→ **To do**
Print the listing below in full. Alter nothing.
------
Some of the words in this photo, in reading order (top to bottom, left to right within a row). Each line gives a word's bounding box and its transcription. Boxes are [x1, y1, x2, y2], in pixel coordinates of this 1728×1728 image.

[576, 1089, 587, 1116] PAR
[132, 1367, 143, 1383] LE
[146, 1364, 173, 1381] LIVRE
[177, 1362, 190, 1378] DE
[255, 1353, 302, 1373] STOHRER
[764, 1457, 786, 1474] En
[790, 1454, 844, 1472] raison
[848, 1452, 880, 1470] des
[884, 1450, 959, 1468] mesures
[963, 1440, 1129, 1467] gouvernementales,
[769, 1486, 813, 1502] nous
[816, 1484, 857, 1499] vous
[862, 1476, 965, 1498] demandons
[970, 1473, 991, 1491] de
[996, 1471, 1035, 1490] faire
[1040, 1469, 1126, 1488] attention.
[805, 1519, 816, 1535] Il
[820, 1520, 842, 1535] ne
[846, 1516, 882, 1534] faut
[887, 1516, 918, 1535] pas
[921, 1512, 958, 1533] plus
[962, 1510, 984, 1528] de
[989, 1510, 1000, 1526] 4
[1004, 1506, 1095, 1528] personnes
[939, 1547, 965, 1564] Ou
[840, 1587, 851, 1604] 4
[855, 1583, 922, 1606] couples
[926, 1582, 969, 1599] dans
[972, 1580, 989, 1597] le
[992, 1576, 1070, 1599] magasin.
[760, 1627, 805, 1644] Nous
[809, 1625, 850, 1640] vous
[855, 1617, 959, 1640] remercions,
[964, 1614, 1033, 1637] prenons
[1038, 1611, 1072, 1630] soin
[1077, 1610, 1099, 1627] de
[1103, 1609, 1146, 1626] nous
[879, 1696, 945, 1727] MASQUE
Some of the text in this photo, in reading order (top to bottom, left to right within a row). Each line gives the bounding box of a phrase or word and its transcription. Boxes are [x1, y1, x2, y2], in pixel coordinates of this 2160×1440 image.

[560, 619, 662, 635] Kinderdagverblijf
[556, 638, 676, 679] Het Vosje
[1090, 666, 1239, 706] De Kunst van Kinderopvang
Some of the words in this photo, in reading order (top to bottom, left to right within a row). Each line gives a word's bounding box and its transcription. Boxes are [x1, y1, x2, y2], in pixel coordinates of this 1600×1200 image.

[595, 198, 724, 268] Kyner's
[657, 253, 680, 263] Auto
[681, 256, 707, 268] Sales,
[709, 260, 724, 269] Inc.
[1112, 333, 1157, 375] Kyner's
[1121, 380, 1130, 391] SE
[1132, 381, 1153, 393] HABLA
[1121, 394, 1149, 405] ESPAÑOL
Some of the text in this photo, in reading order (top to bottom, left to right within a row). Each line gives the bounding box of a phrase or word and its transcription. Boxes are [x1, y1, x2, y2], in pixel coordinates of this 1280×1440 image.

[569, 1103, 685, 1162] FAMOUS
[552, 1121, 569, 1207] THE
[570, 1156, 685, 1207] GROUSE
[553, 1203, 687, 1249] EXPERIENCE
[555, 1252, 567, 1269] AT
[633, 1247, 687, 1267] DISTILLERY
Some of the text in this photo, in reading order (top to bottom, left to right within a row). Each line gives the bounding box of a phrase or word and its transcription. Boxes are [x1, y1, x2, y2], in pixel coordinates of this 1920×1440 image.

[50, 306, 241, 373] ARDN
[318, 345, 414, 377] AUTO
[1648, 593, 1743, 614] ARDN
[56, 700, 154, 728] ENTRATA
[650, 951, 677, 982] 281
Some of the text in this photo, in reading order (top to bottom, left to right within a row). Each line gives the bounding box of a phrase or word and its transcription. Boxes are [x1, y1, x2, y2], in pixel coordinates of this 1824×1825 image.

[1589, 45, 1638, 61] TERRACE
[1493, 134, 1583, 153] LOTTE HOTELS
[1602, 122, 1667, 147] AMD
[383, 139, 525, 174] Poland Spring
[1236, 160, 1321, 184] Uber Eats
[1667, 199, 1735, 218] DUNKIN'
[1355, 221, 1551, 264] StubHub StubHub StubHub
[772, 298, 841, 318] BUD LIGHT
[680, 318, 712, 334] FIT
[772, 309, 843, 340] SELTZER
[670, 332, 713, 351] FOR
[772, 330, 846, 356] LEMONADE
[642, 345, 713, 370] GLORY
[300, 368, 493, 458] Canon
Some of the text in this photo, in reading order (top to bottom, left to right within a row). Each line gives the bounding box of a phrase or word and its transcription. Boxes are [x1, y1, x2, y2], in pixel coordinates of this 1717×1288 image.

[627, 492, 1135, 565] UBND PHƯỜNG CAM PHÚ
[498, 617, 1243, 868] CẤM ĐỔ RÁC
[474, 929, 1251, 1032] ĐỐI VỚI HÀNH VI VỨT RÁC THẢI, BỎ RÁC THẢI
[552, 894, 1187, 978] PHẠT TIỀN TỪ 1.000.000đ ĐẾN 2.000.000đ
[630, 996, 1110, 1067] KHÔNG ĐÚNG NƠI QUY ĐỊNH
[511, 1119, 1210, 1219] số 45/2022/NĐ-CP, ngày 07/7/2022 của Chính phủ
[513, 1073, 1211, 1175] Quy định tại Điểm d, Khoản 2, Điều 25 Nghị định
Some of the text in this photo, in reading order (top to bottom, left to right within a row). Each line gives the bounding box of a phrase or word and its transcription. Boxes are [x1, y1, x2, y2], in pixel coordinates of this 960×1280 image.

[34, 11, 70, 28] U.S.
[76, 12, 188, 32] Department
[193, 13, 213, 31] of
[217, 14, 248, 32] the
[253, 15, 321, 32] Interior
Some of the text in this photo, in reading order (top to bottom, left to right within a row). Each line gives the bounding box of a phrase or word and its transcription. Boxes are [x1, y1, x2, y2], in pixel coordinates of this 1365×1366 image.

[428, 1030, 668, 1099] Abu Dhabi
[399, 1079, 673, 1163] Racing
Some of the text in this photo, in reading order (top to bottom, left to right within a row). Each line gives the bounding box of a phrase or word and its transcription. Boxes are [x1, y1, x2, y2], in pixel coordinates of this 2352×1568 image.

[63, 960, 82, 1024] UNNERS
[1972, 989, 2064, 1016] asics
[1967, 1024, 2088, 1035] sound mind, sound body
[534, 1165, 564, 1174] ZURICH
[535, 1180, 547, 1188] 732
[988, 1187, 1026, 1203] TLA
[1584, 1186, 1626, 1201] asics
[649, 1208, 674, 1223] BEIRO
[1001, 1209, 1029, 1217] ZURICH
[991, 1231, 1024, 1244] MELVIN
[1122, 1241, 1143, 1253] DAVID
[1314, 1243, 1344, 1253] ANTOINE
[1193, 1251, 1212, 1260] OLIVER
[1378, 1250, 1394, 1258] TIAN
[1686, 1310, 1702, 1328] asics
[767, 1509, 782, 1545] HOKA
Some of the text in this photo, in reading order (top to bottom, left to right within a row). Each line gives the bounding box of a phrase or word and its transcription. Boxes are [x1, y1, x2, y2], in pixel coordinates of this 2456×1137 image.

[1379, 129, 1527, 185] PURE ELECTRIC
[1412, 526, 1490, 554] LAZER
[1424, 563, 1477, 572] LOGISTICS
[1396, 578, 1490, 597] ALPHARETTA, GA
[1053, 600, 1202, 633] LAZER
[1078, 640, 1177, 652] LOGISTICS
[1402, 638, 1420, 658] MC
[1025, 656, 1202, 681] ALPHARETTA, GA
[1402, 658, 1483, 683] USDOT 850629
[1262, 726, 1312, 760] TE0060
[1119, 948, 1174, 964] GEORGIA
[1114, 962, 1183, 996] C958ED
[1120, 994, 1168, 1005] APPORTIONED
------
→ **Solution**
Some of the words in this photo, in reading order (top to bottom, left to right within a row). Each line gives a word's bounding box and its transcription. Boxes are [x1, y1, x2, y2], in pixel coordinates of this 1728×1728 image.

[576, 1089, 587, 1116] PAR
[132, 1367, 143, 1383] LE
[146, 1364, 173, 1381] LIVRE
[177, 1362, 190, 1378] DE
[255, 1353, 302, 1373] STOHRER
[764, 1457, 786, 1474] En
[790, 1454, 844, 1472] raison
[848, 1452, 880, 1470] des
[884, 1450, 959, 1468] mesures
[963, 1440, 1129, 1467] gouvernementales,
[769, 1486, 813, 1502] nous
[816, 1484, 857, 1499] vous
[862, 1476, 965, 1498] demandons
[970, 1473, 991, 1491] de
[996, 1471, 1035, 1490] faire
[1040, 1469, 1126, 1488] attention.
[805, 1519, 816, 1535] Il
[820, 1520, 842, 1535] ne
[846, 1516, 882, 1534] faut
[887, 1516, 918, 1535] pas
[921, 1512, 958, 1533] plus
[962, 1510, 984, 1528] de
[989, 1510, 1000, 1526] 4
[1004, 1506, 1095, 1528] personnes
[939, 1547, 965, 1564] Ou
[840, 1587, 851, 1604] 4
[855, 1583, 922, 1606] couples
[926, 1582, 969, 1599] dans
[972, 1580, 989, 1597] le
[992, 1576, 1070, 1599] magasin.
[760, 1627, 805, 1644] Nous
[809, 1625, 850, 1640] vous
[855, 1617, 959, 1640] remercions,
[964, 1614, 1033, 1637] prenons
[1038, 1611, 1072, 1630] soin
[1077, 1610, 1099, 1627] de
[1103, 1609, 1146, 1626] nous
[879, 1696, 945, 1727] MASQUE
Some of the text in this photo, in reading order (top to bottom, left to right within a row). Each line gives the bounding box of a phrase or word and its transcription. Boxes are [x1, y1, x2, y2], in pixel coordinates of this 2160×1440 image.

[560, 619, 662, 635] Kinderdagverblijf
[556, 638, 676, 679] Het Vosje
[1090, 666, 1239, 706] De Kunst van Kinderopvang
Some of the words in this photo, in reading order (top to bottom, left to right within a row). Each line gives a word's bounding box and its transcription. Boxes are [x1, y1, x2, y2], in pixel coordinates of this 1600×1200 image.

[595, 198, 724, 268] Kyner's
[657, 253, 680, 263] Auto
[681, 256, 707, 268] Sales,
[709, 260, 724, 269] Inc.
[1112, 333, 1157, 375] Kyner's
[1121, 380, 1130, 391] SE
[1132, 381, 1153, 393] HABLA
[1121, 394, 1149, 405] ESPAÑOL
Some of the text in this photo, in reading order (top to bottom, left to right within a row). Each line gives the bounding box of a phrase or word and its transcription. Boxes are [x1, y1, x2, y2], in pixel coordinates of this 1280×1440 image.

[569, 1103, 685, 1162] FAMOUS
[552, 1121, 569, 1207] THE
[570, 1156, 685, 1207] GROUSE
[553, 1203, 687, 1249] EXPERIENCE
[555, 1252, 567, 1269] AT
[633, 1247, 687, 1267] DISTILLERY
Some of the text in this photo, in reading order (top to bottom, left to right within a row). Each line gives the bounding box of a phrase or word and its transcription. Boxes are [x1, y1, x2, y2], in pixel coordinates of this 1920×1440 image.

[50, 306, 241, 373] ARDN
[318, 345, 414, 377] AUTO
[1648, 593, 1743, 614] ARDN
[56, 700, 154, 728] ENTRATA
[650, 951, 677, 982] 281
Some of the text in this photo, in reading order (top to bottom, left to right within a row). Each line gives the bounding box of a phrase or word and its transcription. Boxes are [x1, y1, x2, y2], in pixel coordinates of this 1824×1825 image.

[1589, 45, 1638, 61] TERRACE
[1493, 134, 1583, 153] LOTTE HOTELS
[1602, 122, 1667, 147] AMD
[383, 139, 525, 174] Poland Spring
[1236, 160, 1321, 184] Uber Eats
[1667, 199, 1735, 218] DUNKIN'
[1355, 221, 1551, 264] StubHub StubHub StubHub
[772, 298, 841, 318] BUD LIGHT
[680, 318, 712, 334] FIT
[772, 309, 843, 340] SELTZER
[670, 332, 713, 351] FOR
[772, 330, 846, 356] LEMONADE
[642, 345, 713, 370] GLORY
[300, 368, 493, 458] Canon
Some of the text in this photo, in reading order (top to bottom, left to right within a row). Each line gives the bounding box of a phrase or word and its transcription. Boxes are [x1, y1, x2, y2], in pixel coordinates of this 1717×1288 image.

[627, 492, 1135, 565] UBND PHƯỜNG CAM PHÚ
[498, 617, 1243, 868] CẤM ĐỔ RÁC
[474, 929, 1251, 1032] ĐỐI VỚI HÀNH VI VỨT RÁC THẢI, BỎ RÁC THẢI
[552, 894, 1187, 978] PHẠT TIỀN TỪ 1.000.000đ ĐẾN 2.000.000đ
[630, 996, 1110, 1067] KHÔNG ĐÚNG NƠI QUY ĐỊNH
[511, 1119, 1210, 1219] số 45/2022/NĐ-CP, ngày 07/7/2022 của Chính phủ
[513, 1073, 1211, 1175] Quy định tại Điểm d, Khoản 2, Điều 25 Nghị định
Some of the text in this photo, in reading order (top to bottom, left to right within a row). Each line gives the bounding box of a phrase or word and its transcription. Boxes are [x1, y1, x2, y2], in pixel coordinates of this 960×1280 image.

[34, 11, 70, 28] U.S.
[76, 12, 188, 32] Department
[193, 13, 213, 31] of
[217, 14, 248, 32] the
[253, 15, 321, 32] Interior
Some of the text in this photo, in reading order (top to bottom, left to right within a row). Each line gives the bounding box of a phrase or word and its transcription. Boxes are [x1, y1, x2, y2], in pixel coordinates of this 1365×1366 image.

[428, 1030, 668, 1099] Abu Dhabi
[399, 1079, 673, 1163] Racing
Some of the text in this photo, in reading order (top to bottom, left to right within a row). Each line gives the bounding box of a phrase or word and its transcription. Boxes are [x1, y1, x2, y2], in pixel coordinates of this 2352×1568 image.

[63, 960, 82, 1024] UNNERS
[1972, 989, 2064, 1016] asics
[1967, 1024, 2088, 1035] sound mind, sound body
[534, 1165, 564, 1174] ZURICH
[535, 1180, 547, 1188] 732
[988, 1187, 1026, 1203] TLA
[1584, 1186, 1626, 1201] asics
[649, 1208, 674, 1223] BEIRO
[1001, 1209, 1029, 1217] ZURICH
[991, 1231, 1024, 1244] MELVIN
[1122, 1241, 1143, 1253] DAVID
[1314, 1243, 1344, 1253] ANTOINE
[1193, 1251, 1212, 1260] OLIVER
[1378, 1250, 1394, 1258] TIAN
[1686, 1310, 1702, 1328] asics
[767, 1509, 782, 1545] HOKA
Some of the text in this photo, in reading order (top to bottom, left to right within a row). Each line gives the bounding box of a phrase or word and its transcription. Boxes are [x1, y1, x2, y2], in pixel coordinates of this 2456×1137 image.

[1379, 129, 1527, 185] PURE ELECTRIC
[1412, 526, 1490, 554] LAZER
[1424, 563, 1477, 572] LOGISTICS
[1396, 578, 1490, 597] ALPHARETTA, GA
[1053, 600, 1202, 633] LAZER
[1078, 640, 1177, 652] LOGISTICS
[1402, 638, 1420, 658] MC
[1025, 656, 1202, 681] ALPHARETTA, GA
[1402, 658, 1483, 683] USDOT 850629
[1262, 726, 1312, 760] TE0060
[1119, 948, 1174, 964] GEORGIA
[1114, 962, 1183, 996] C958ED
[1120, 994, 1168, 1005] APPORTIONED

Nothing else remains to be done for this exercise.